9. Sınıfın ilk günü

110 5 0
                                    

Güzel bı sabaha uyanmıştım. Kalktım ve bordo olan formamı giydim. Annem kahvaltıyı hazırlamış beni bekliyordu, yanına gittim.

"Sucuklu yumurta yapmışsın annem" dedim. Annem tebessüm edip " Okulun ilk günü sevdiğin şeyi yapayım dedim" Gidip anneme sarıldım ve onu ne kadar çok sevdiğimi söyledim. Evet annemi çok seviyorum. Kim sevmez ki?

Kahvaltı bitmek üzereyken içtiğim süt üstüme döküldü. Hemen ayağa fırlayıp silmeye çalıştım.
"Öyle çıkmaz o çıkar yıkıyalım hemen" dedi annem. Hemen çıkardım annem alıp banyoya gitti. Mutfakta nasıl oldu bu ya dercesine puff luyordum.

Okulun başlama saati geçmişti. Anneme yüksek sesle bağırdım "Anne hadi okul başladıı" Biraz bekledikten sonra annemden cevap geldi "Geliyorum bekle biraz dahaa az kaldı kuruyunca gelicem hemen" Daha kuruyacak mıı. Kesinlikle geç kaldım. Yaklaşık 5 dk içinde geldi ama bana 15 dk gibi gelmişti. "Oh anne geldin sonunda" diyerek elinden formamı alıp üstüme giydim.

Evden hızla çıktım. Zor giyilen ayakkabılarımı cebelleşerek giydim  ve aşağı kapıya gittim.

Kahretsin...

Ben gerçekten çok şanssız bir insanım. Gerçi buna şanssız denirse. Bu daha çok salaklık aptallık falan oluyor. Çantamı evde unutma becerisine sahip bir insanım ben. Dünyadaki en aptal insan ben olabilirim. "Kamil bey dünyanın en unutkan insanı" diye bir haber görürsem hiç şaşırmam. Okula giderken çanta unutmak ne. Kalem kutu falan unutsam anlarım da çanta da unutulmaz be Kamil.

Tekrar yukarı çıktım. Zaten geç kalmıştım ama yinede biraz hızlı davranmaya çalışıyordum. Kapıya gelince bı durdum. Ayakkabılar bana ben ayakkabılara bakıyorduk.

Lanet olsun umarım annem uyumamıştır.

6-7 kez zile bastım kapıyı açan yok. Sertçe kapıya vurmaya başladım.
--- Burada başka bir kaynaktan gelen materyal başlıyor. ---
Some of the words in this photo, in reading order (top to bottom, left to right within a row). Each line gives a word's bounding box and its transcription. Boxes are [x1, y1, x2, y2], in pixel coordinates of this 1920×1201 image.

Kapı açıldı. İçimden bı "ohh" çektim. "İki saattir zile basıyorum anne neden açmıyorsun?" Sitem dolu bir sesle söylediğim için annemin yüzü biraz sinirli bı hale büründü. "Açtım işte hem zil çalmadı noldu ne unuttun yine" Annem hemen anlamıştı bişey unuttuğumu, çantamı unuttuğumu söylediğimde büyük bir kahkaha kopardı. Sitem dolu gözlerle anneme baktım. Hala gülmeye devam ederken içeriye gitti. Çantamı getirdiğinde hala gülüyordu. Görüşürüz demeden aşağı indim.

Sokaklarda deli gibi koşturuyordum. Biliyorum geç kaldım ama hala 2. derse yetişe bilirdim. Biraz daha hızlandım. Yaklaşık 6 dakika sonra okula varmıştım. Derin bir nefes alarak okula bir adım attım. Kendimi büyümüş hissediyordum. Aslında çok bı değişiklik yoktu ama Lise bana böyle hissettiriyordu.
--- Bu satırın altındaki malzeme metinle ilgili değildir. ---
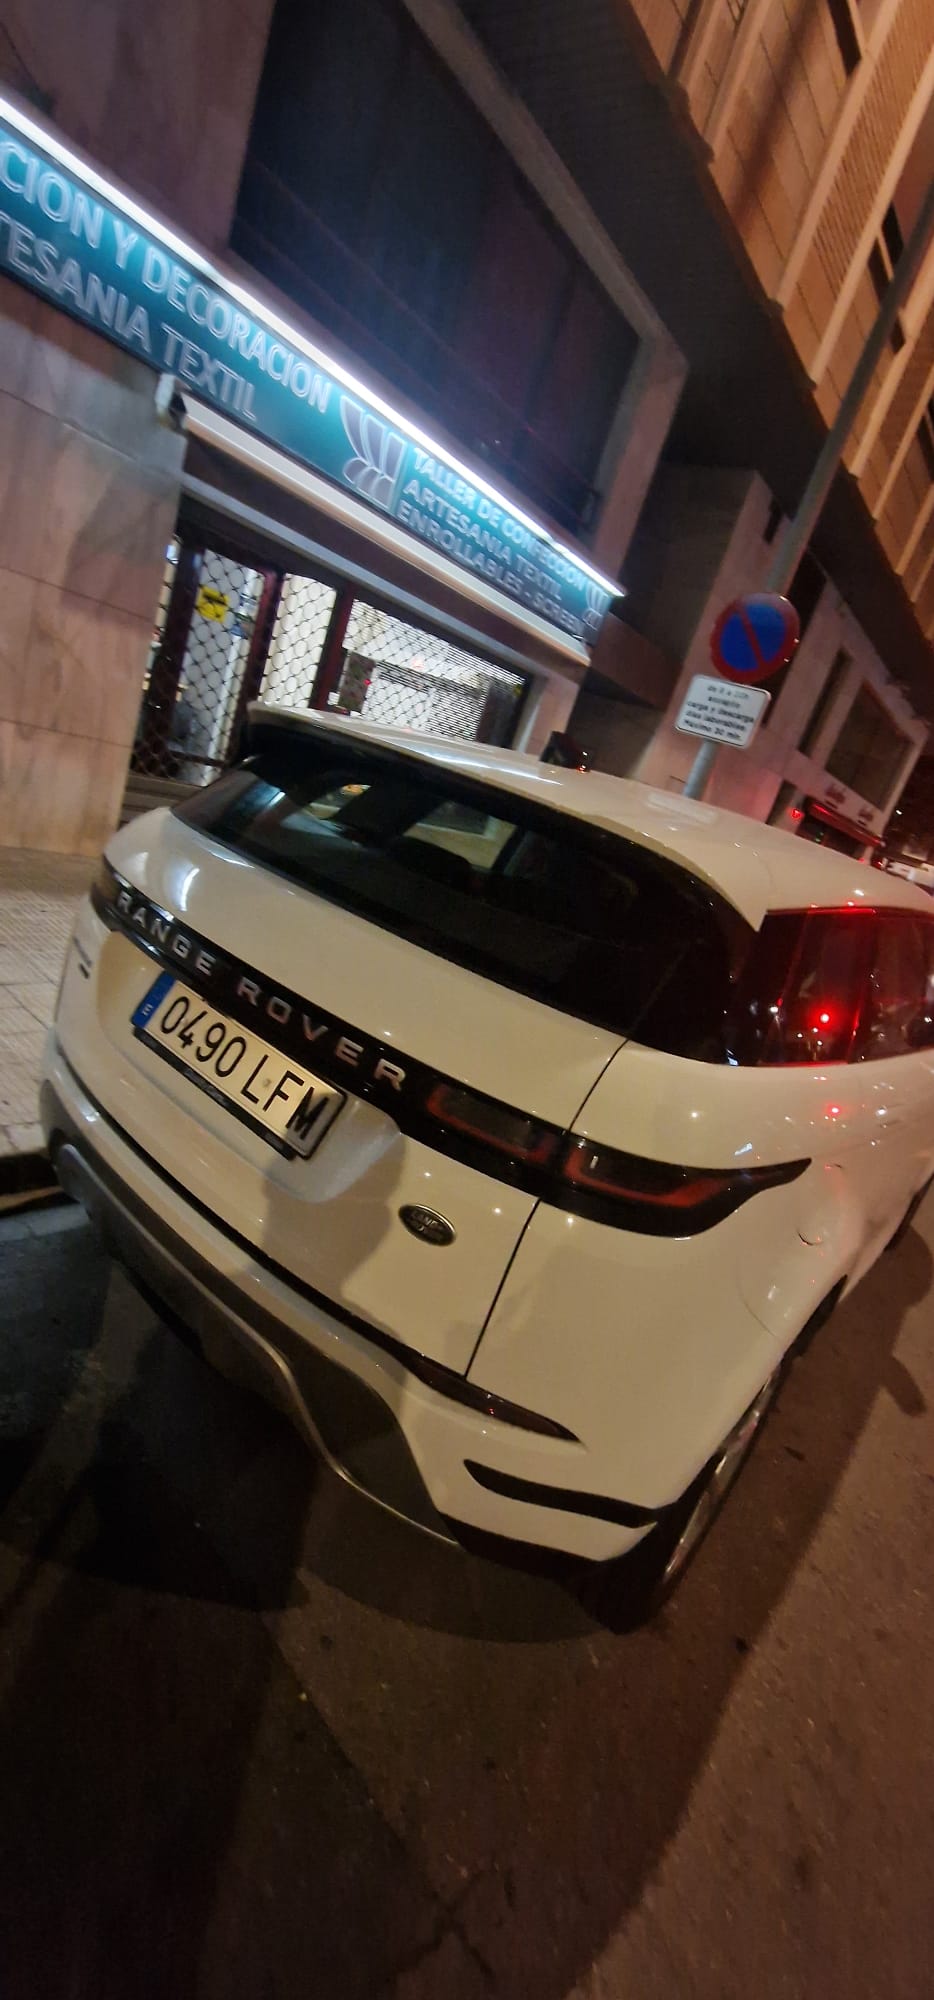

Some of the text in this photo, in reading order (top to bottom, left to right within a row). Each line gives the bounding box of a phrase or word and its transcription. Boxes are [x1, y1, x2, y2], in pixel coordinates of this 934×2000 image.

[0, 141, 332, 414] CION Y DECORACION
[161, 323, 257, 421] TEXTIL
[397, 499, 522, 594] ENROLLABLES
[403, 480, 562, 601] ARTESANIA TEXTIL
[413, 447, 585, 591] TALLER DE CONFECCION
[117, 892, 407, 1091] RANGE ROVER
[160, 996, 247, 1077] 0490
[240, 1054, 329, 1140] LFM
Sınıfımın ne olduğu hakkında hiçbir bilgim yoktu. Müdür yardımcısına gidip sordum. Bana 9/C de olduğumu söyledi. Sınıfın önüne gittim. Kapıyı çalmadan önce biraz içeriyi dinlemeye çalıştım. Hiç ses yoktu. Kendimi hazırlayıp kapıyı çaldım ve içeri girdim.

Kimse yok. Nerde bunlar...

Sınıf bomboştu. Na-nasıl nereye gitmiş olabilirlerdi ki. Ders beden falan mıydı. Ders programını açıp baktım. Evet ilk 2 ders bedendi. İyi peki ama spor salonunu nasıl bulucam. Bence hiç gitmeden ben burda oturayım ders 5 dakika sonra bitecek zaten.

Tenefüs zili çaldı ve sessiz olan okul bı anda bağırma, koşma, ve anlamsız çığlıklarla doldu.

Anlamsız çığlıklar...

Sınıfa biri girmişti. Uzun boylu uzun saçlı iri bı çocuk bana dik dik bakıyordu. "Kimsin sen" dedi bana. Çocuk benim neredeyse iki katım olduğu için biraz korkmuştum. Ben niye böyle değildim ki. "Şey ben öğrenciyim bu sınıfta" dedim çekinerek. Çok saçma bı cümle olsada ağzıma ilk gelenleri söyledim idare etsin onunla. "Ben seni hiç görmedim ilk iki ders neredeydin" dedi gür sesiyle. "Gittiğiniz yeri bulamadım bende sınıfta bekledim" cevap vermeden en arka sıraya doğru ilerledi benim çaprazım da kalıyordu. Ben cam kenarı arkadan bir önde oturuyordum.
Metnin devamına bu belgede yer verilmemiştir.